When the records are reproduced, each one must match exactly, and no picture may be kept.

[Stored items from a collection]

>>>

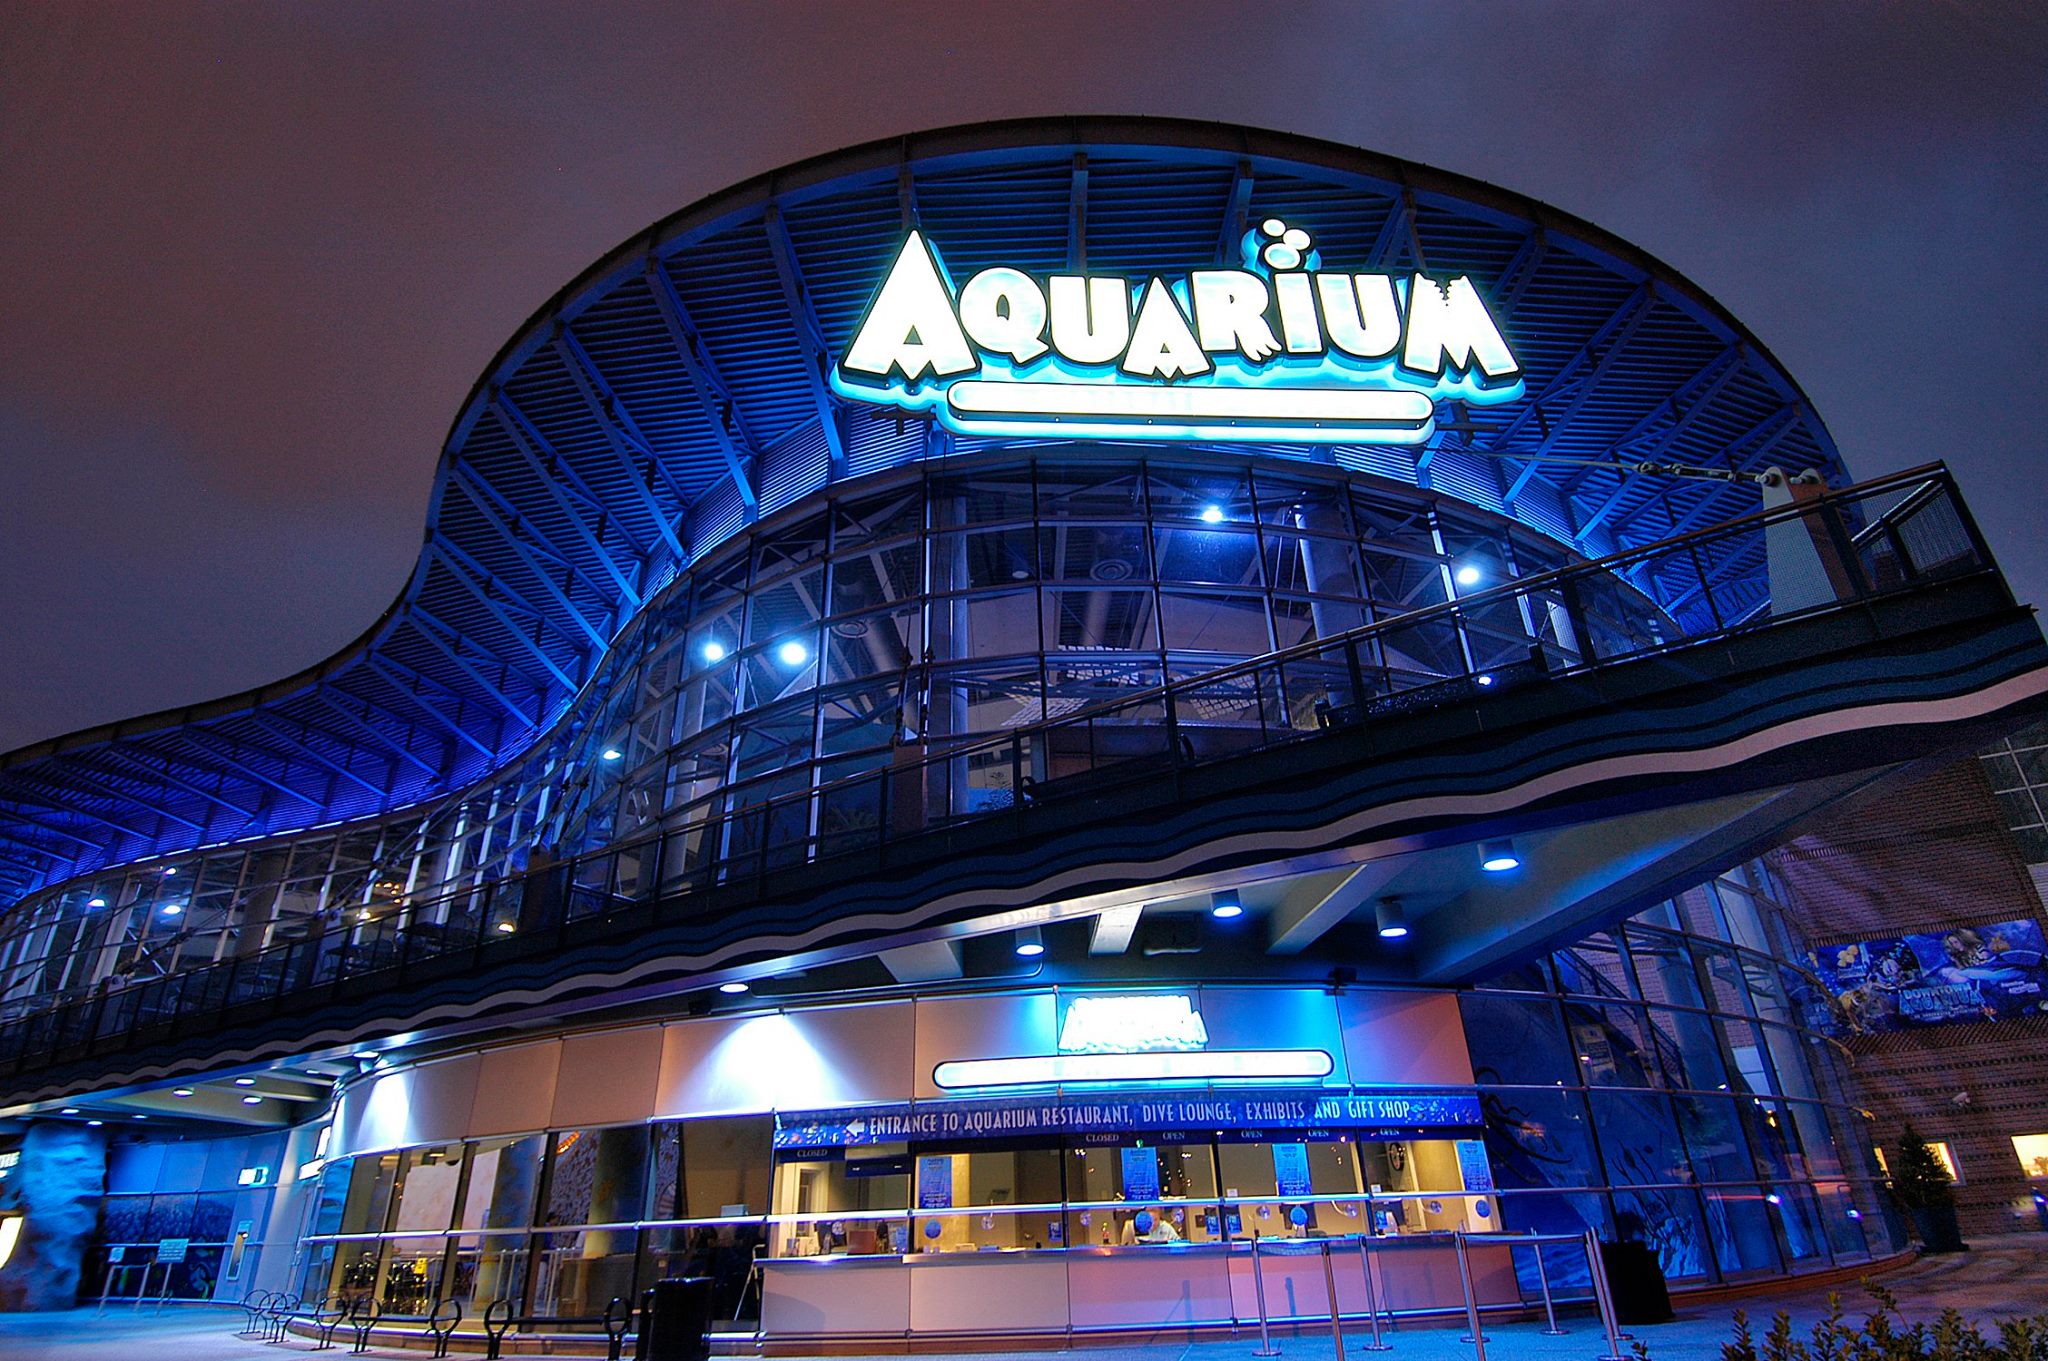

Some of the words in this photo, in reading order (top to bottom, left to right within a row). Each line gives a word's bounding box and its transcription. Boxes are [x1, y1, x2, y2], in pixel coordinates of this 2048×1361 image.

[842, 217, 1524, 383] AQUARIUM
[1903, 983, 1972, 1000] DOWNTOWN
[869, 1114, 937, 1135] ENTRANCE
[942, 1112, 959, 1131] TO
[963, 1108, 1038, 1133] AQUARIUM
[1042, 1105, 1133, 1126] RESTAURANT,
[1143, 1103, 1174, 1123] DIVE
[1179, 1102, 1237, 1123] LOUNGE,
[1245, 1102, 1305, 1120] EXHIBITS
[1314, 1101, 1341, 1119] AND
[1348, 1101, 1375, 1118] GIFT
[1378, 1100, 1410, 1118] SHOP
[1162, 1130, 1186, 1140] OPEN
[1240, 1129, 1264, 1139] OPEN
[1307, 1128, 1330, 1138] OPEN
[1379, 1127, 1400, 1137] OPEN
[1085, 1133, 1120, 1143] CLOSED
[796, 1148, 829, 1158] CLOSED
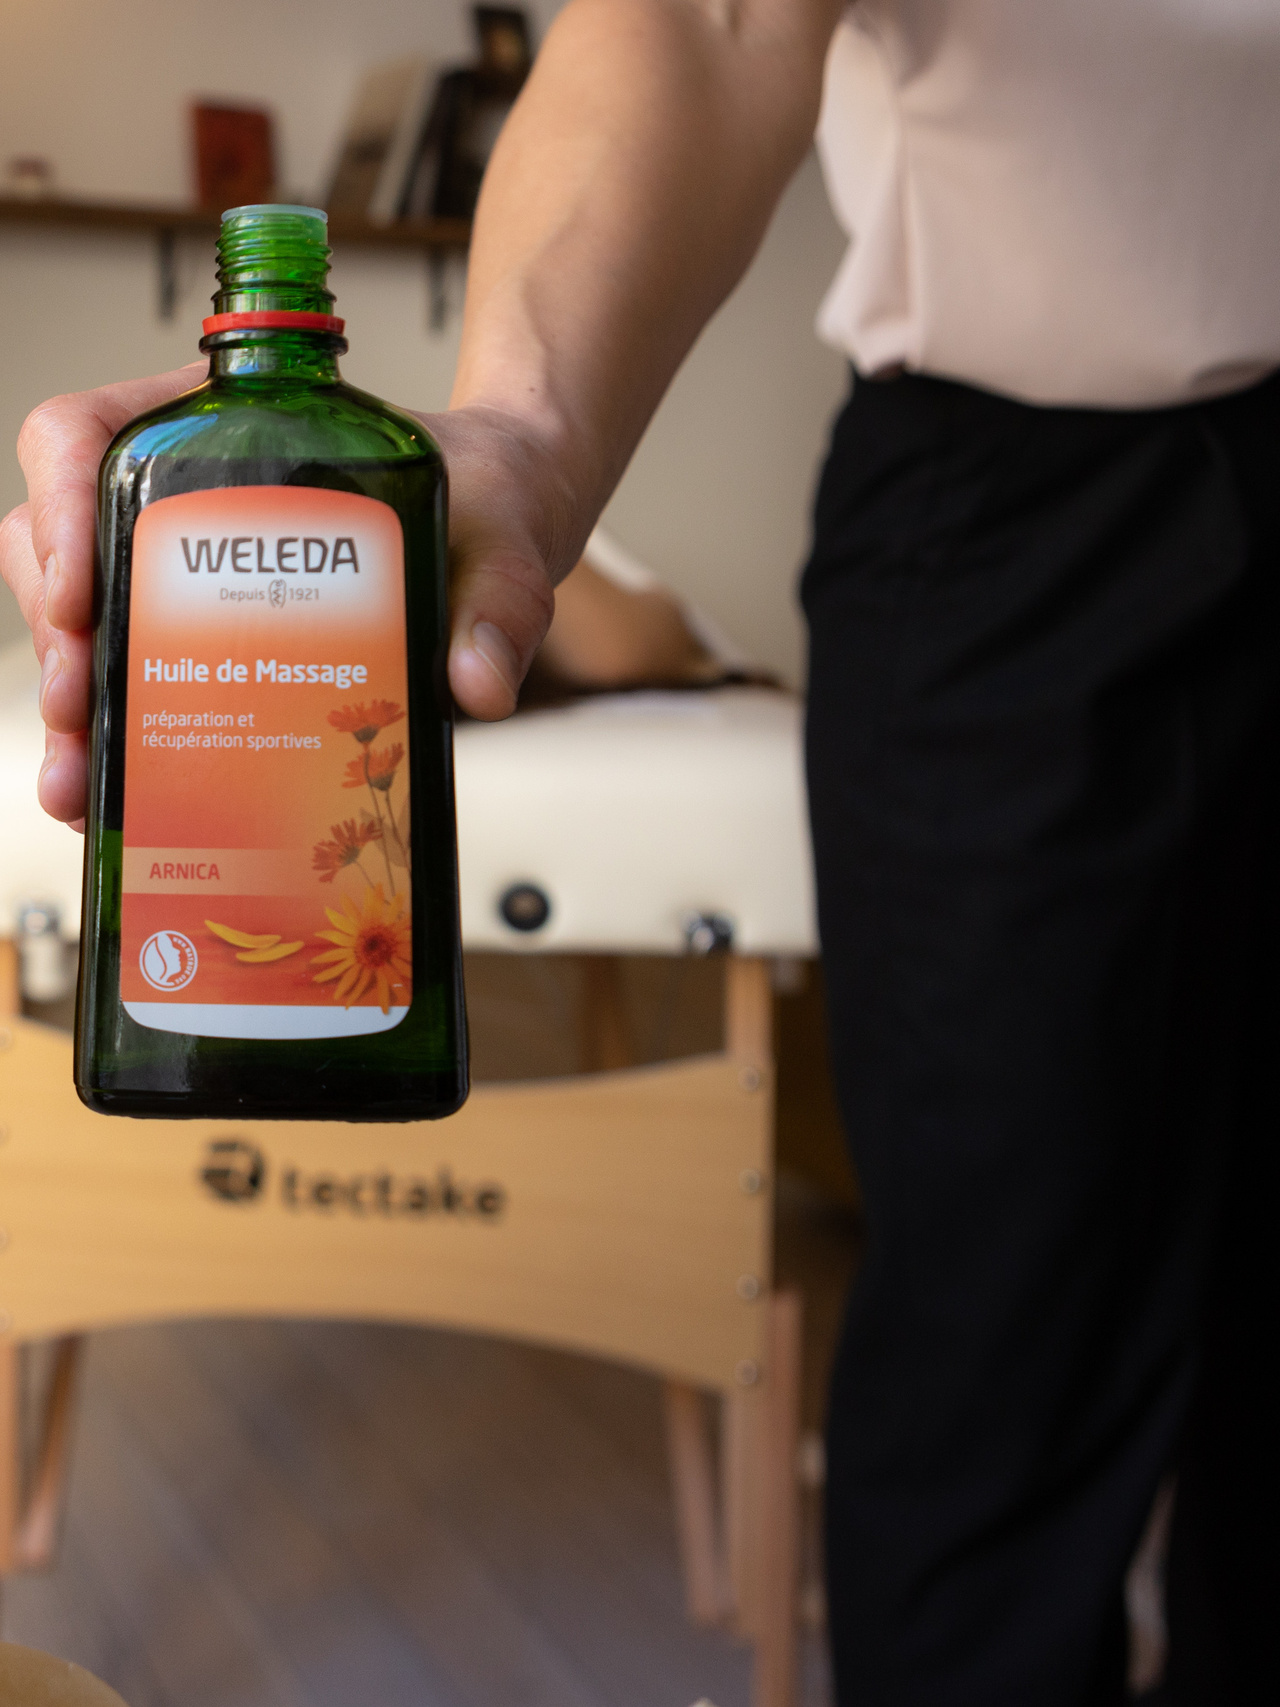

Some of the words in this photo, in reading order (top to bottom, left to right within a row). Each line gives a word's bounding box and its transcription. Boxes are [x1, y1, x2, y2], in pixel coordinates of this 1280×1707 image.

<<<

• **Task answer**:
Some of the words in this photo, in reading order (top to bottom, left to right within a row). Each line gives a word's bounding box and its transcription. Boxes are [x1, y1, x2, y2], in pixel coordinates of this 2048×1361 image.

[842, 217, 1524, 383] AQUARIUM
[1903, 983, 1972, 1000] DOWNTOWN
[869, 1114, 937, 1135] ENTRANCE
[942, 1112, 959, 1131] TO
[963, 1108, 1038, 1133] AQUARIUM
[1042, 1105, 1133, 1126] RESTAURANT,
[1143, 1103, 1174, 1123] DIVE
[1179, 1102, 1237, 1123] LOUNGE,
[1245, 1102, 1305, 1120] EXHIBITS
[1314, 1101, 1341, 1119] AND
[1348, 1101, 1375, 1118] GIFT
[1378, 1100, 1410, 1118] SHOP
[1162, 1130, 1186, 1140] OPEN
[1240, 1129, 1264, 1139] OPEN
[1307, 1128, 1330, 1138] OPEN
[1379, 1127, 1400, 1137] OPEN
[1085, 1133, 1120, 1143] CLOSED
[796, 1148, 829, 1158] CLOSED

Some of the words in this photo, in reading order (top to bottom, left to right within a row). Each line gives a word's bounding box and its transcription. Boxes are [x1, y1, x2, y2], in pixel coordinates of this 1280×1707 image.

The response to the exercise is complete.